[EXERCISE INPUTS — start]

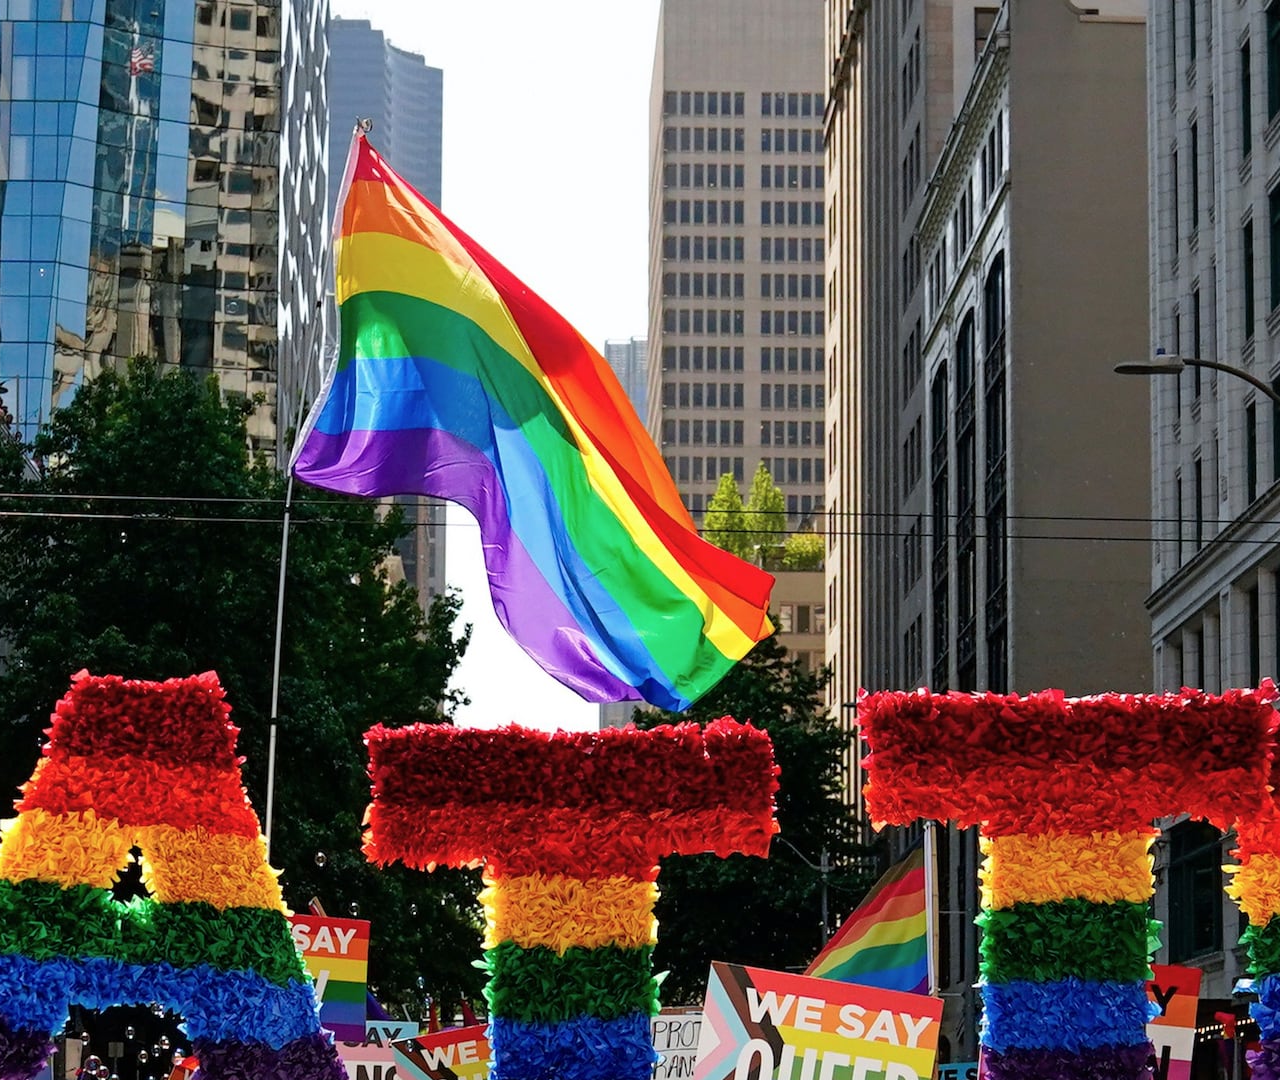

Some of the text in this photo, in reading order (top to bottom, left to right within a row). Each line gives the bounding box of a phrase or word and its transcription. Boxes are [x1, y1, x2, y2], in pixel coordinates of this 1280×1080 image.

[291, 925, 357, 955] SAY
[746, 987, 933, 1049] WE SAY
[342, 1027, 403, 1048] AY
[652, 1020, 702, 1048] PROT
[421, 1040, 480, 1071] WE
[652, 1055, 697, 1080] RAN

[EXERCISE INPUTS — finish]

▶ TASK OBJECTIVE: Repeat the listing in full and exactly. Do not include any images.

▶ COMPLETED TASK:
Some of the text in this photo, in reading order (top to bottom, left to right within a row). Each line gives the bounding box of a phrase or word and its transcription. Boxes are [x1, y1, x2, y2], in pixel coordinates of this 1280×1080 image.

[291, 925, 357, 955] SAY
[746, 987, 933, 1049] WE SAY
[342, 1027, 403, 1048] AY
[652, 1020, 702, 1048] PROT
[421, 1040, 480, 1071] WE
[652, 1055, 697, 1080] RAN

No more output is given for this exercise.